Model compression reduces model size and computational cost with minimal loss in predictive performance.
How it works
PAI Model Gallery supports model quantization based on Weight-only Quantization. MinMax-8Bit and MinMax-4Bit strategies convert floating-point weight parameters to 8-bit or 4-bit integer representations. This reduces model size and GPU memory usage, making deep learning models deployable in resource-constrained environments with minimal impact on accuracy.
Compress a model
-
Train the model.
Only trained models can be compressed. Train the pre-trained model first. For more information, see Model deployment and training.
-
After model training completes, click Compression in the upper-right corner of the Task details page.

-
Configure compression parameters.
The following table describes the key parameters.
Parameter
Description
Compression method
Only model quantization (Weight-only Quantization) is supported.

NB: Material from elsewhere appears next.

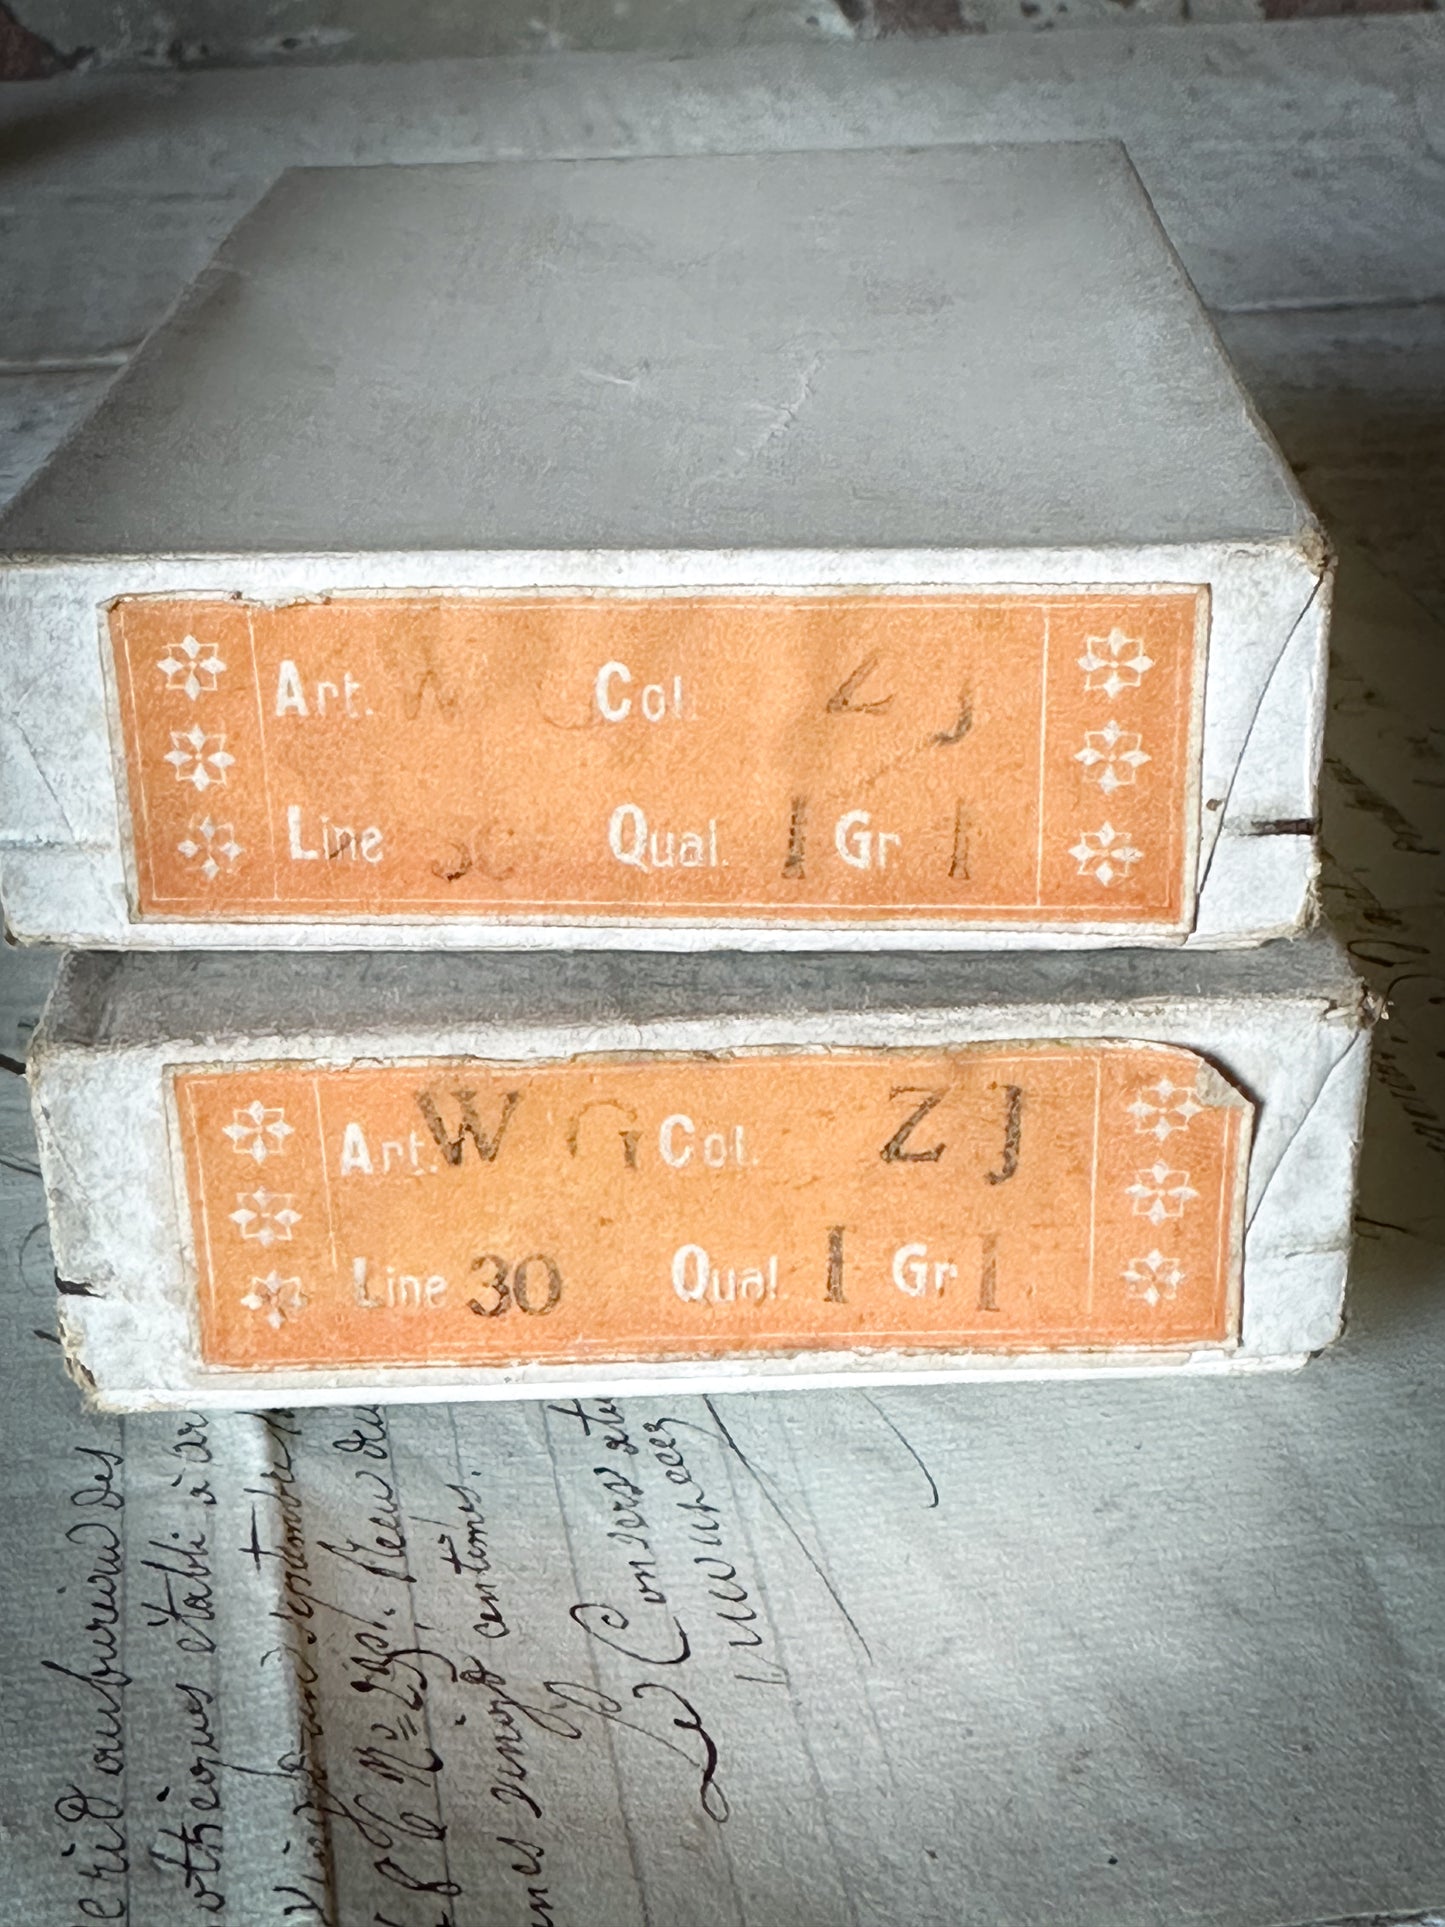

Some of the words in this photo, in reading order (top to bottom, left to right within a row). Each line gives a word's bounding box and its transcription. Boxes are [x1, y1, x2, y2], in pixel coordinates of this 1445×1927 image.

This converts weight parameters to a lower bit width to reduce GPU memory usage during inference.
Compression strategy
-
MinMax-8Bit: Quantizes model weights to 8-bit integers by using min-max scaling.
-
MinMax-4Bit: Quantizes model weights to 4-bit integers by using min-max scaling.
For other parameters, see Model deployment and training.
-
-
Click Compression.
The page redirects to the Task details page, which displays the compression job status and logs.
View compression jobs
To view compression jobs, go to PAI Model Gallery > Job Management > Compression Jobs.